최상의 결과를 위해서는 올바른 시약을 사용함으로써 피크 대칭성을 개선할 수 있습니다.
. HPLC separation of a combination of flavonoids with UV/Vis detection at 360 nm and, during the inset, at 260 nm. The choice of wavelength impacts Just about every analyte’s signal.
Transforming the cellular period’s composition as being the separation progresses is a person Option to this problem. For just a reversed-phase separation we use an initial cellular stage that is certainly more polar. Given that the separation progresses, we alter the composition of cellular section so that it gets considerably less polar (see Figure twelve.5.6
Next, a number of the compounds inside the serum may perhaps take in way too strongly on the stationary period, degrading the column’s performance.

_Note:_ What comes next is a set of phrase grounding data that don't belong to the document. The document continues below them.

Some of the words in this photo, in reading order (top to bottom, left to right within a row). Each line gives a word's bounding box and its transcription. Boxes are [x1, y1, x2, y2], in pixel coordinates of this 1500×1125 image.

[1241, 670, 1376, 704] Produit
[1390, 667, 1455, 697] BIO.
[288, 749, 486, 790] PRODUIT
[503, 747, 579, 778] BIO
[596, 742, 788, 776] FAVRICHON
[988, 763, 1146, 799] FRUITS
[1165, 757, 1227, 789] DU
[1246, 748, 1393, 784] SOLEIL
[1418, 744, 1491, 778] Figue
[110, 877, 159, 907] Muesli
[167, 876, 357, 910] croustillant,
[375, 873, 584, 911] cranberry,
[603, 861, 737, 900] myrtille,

At last, Though an HPLC can independent and review sophisticated mixtures, an Assessment is tough if the volume of constituents exceeds the column’s peak ability.
5.1 exhibits an illustration of a standard HPLC instrument, which has quite a few important elements: reservoirs that retail store the mobile phase; a pump for pushing the cellular section in the system; an injector for introducing the sample; a column for separating the sample into its part parts; in addition to a detector for monitoring the eluent as it arrives from the column. Let’s look at Every of such parts.

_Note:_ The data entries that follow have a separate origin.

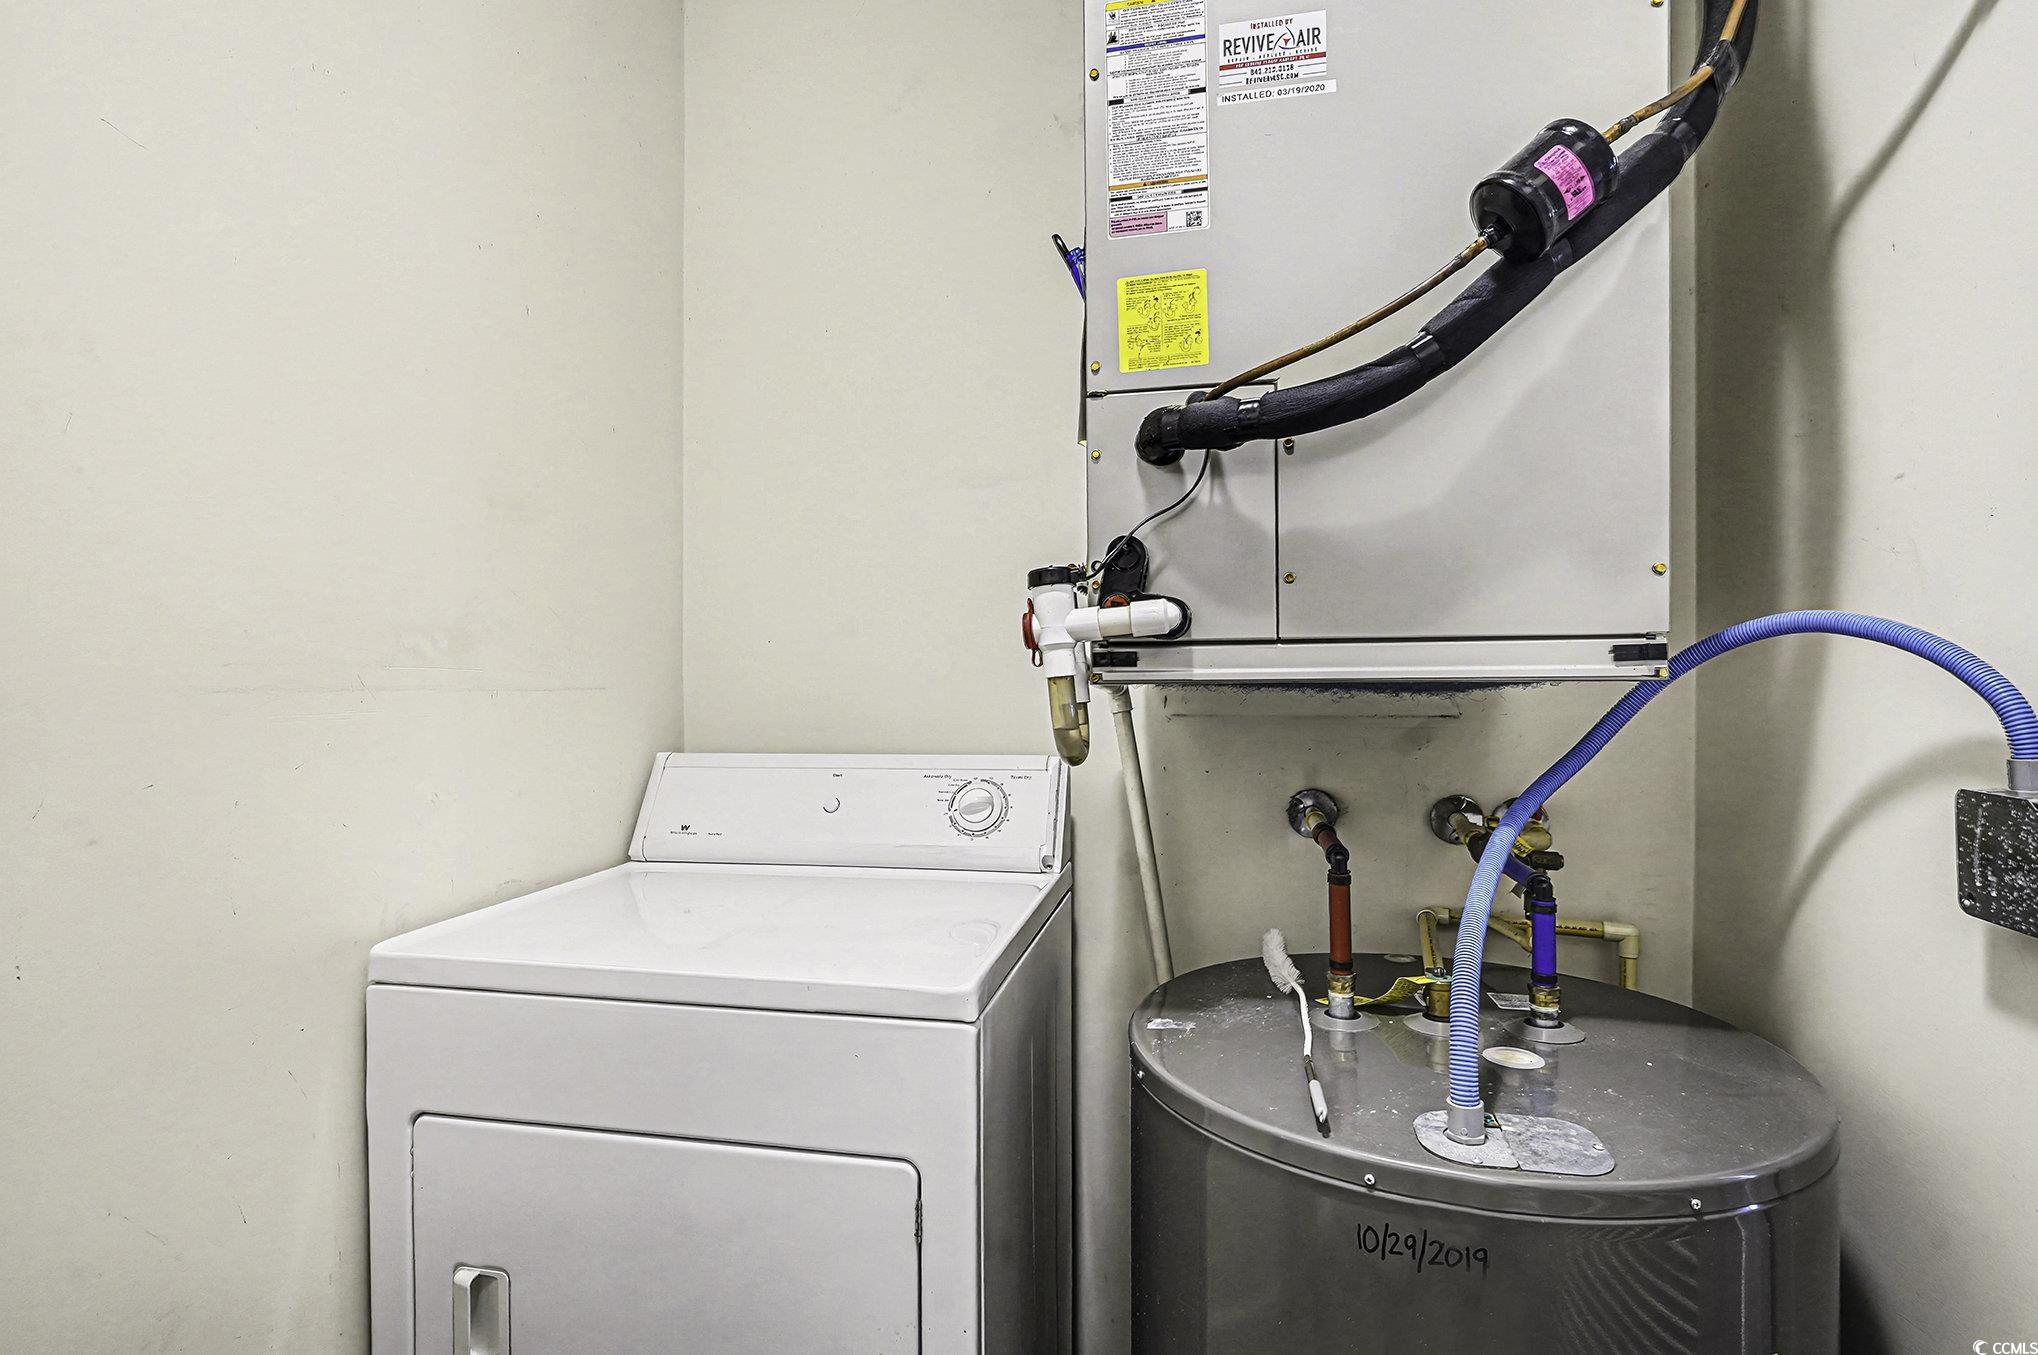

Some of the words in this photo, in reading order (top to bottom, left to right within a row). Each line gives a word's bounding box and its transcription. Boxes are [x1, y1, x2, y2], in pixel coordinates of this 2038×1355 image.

[1250, 19, 1283, 30] INSTALLED
[1223, 33, 1275, 57] REVIVE
[1296, 27, 1321, 47] AIR
[1221, 90, 1275, 103] INSTALLED:
[1277, 83, 1326, 97] 03/19/2020
[1357, 1223, 1489, 1280] 10/29/2019

各種の高速液体クロマトグラフィーの項目にある違いは、カラムの違いである事が多いため、装置はそのままでカラムの変更で行える場合が有る。ただし、誤って不適当な溶媒を通すとカラムを破損することがあるため、切り替えを行う際には注意が必要である。
The functioning stress in an HPLC is sufficiently high that we are unable to inject the sample into the mobile phase by inserting a syringe through a septum, as is achievable in gasoline chromatography. Rather, we inject the sample using a loop injector
The determine under exhibits the calibration curve and calibration equation for your set of external expectations. Substituting the sample’s here peak space to the calibration equation presents the concentration of caffeine during the sample as 94.4 mg/L.

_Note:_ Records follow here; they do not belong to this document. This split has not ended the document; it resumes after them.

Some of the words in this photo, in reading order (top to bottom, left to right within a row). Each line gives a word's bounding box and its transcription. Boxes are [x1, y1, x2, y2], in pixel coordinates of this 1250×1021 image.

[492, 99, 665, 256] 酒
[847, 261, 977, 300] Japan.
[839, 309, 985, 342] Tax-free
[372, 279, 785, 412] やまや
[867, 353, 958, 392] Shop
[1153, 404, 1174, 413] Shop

移動相としては、カラムや装置に悪影響を与えない範囲で各種の溶媒が使用される。水や塩類の水溶液、アルコール類、アセトニトリル、ジクロロメタン、トリフルオロ酢酸などが用いられる。相溶性のある(互いに混じり合う)溶媒を混合して使用する場合が多い。
. Solvent triangle for optimizing a reversed-section HPLC separation. The three blue circles demonstrate cellular phases consisting of the natural and organic solvent and water.
, for instance, displays retention situations for four weak acids in two cell phases with approximately equivalent values for (P^ key ). Although the get of elution is similar for both equally cell phases, each solute’s retention time is impacted in a different way by the choice of organic solvent.
. A person trouble using an isocratic elution is usually that an proper cell section here energy for resolving early-eluting solutes may perhaps bring about unacceptably extended retention occasions for late-eluting solutes. Optimizing the cell period for late-eluting solutes, Alternatively, may possibly supply an insufficient separation of early-eluting solutes.
Decreasing the level of acetonitrile and increasing the level of drinking water while in the cellular will boost retention instances, supplying more time and energy to result a separation.